By Julia Guerrein, Editor-in-Chief
On Saturday, VLS President and Dean, Thomas McHenry, announced that Vermont Law School will be holding classes virtually for the fall 2020 semester.
“This is not what we hoped for, but we made this decision to provide a consistent educational experience for all of our students and to be attentive to the safety and security of our community,” read McHenry’s email. “In making this decision, our guiding principle has been what is best for students…”
Two days prior, McHenry emailed to announce that VLS would be open on a “hybrid basis” in the fall, which would have included both virtual and in-person classes.
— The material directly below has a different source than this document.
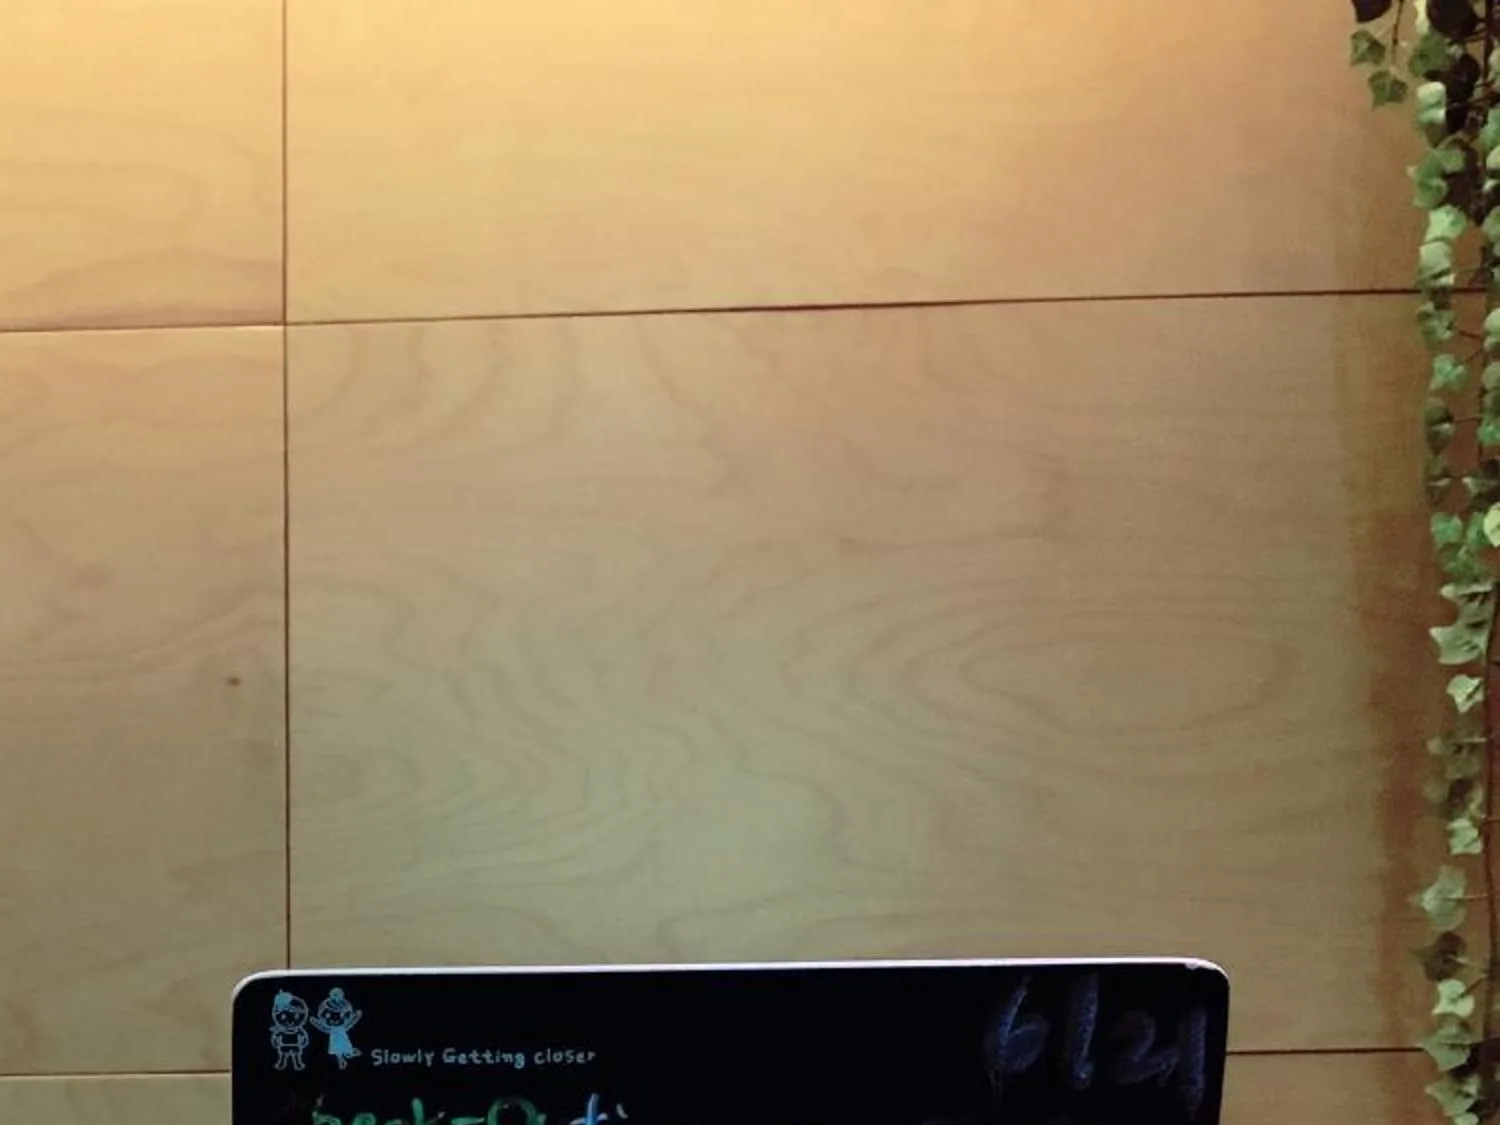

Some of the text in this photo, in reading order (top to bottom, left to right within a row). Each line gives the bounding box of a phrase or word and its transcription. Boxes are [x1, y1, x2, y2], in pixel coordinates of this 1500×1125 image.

That email described that half of the incoming 1L students would be online and half on-campus.
The change in decision came quickly, and McHenry cited many reasons in his later email. These include factors such as the safety of travel, the number of classes that were already going to be held virtually or at limited capacity, three weeks of classes that would have been virtual anyways, and the possibility of another COVID-19 outbreak.
“The most demanding challenge posed by the pandemic is uncertainty,” McHenry said in his email. “We hope this decision provides as much certainty as possible and helps with your fall planning.”
VLS plans to open campus facilities to students living in South Royalton when it is safe to do so. This may include the library, study areas, printing, campus Wi-Fi, and limited food options. If facilities do open, students will be required to wear masks and social distance.
Additionally, the email stated that VLS’s decision is consistent with American Bar Association (ABA) guidelines. Students will be able to take a Leave of Absence for the fall semester or a medical leave if they become sick. All classes will be graded, as opposed to the pass/fail system used for the spring semester.
The Forum will post updates as available.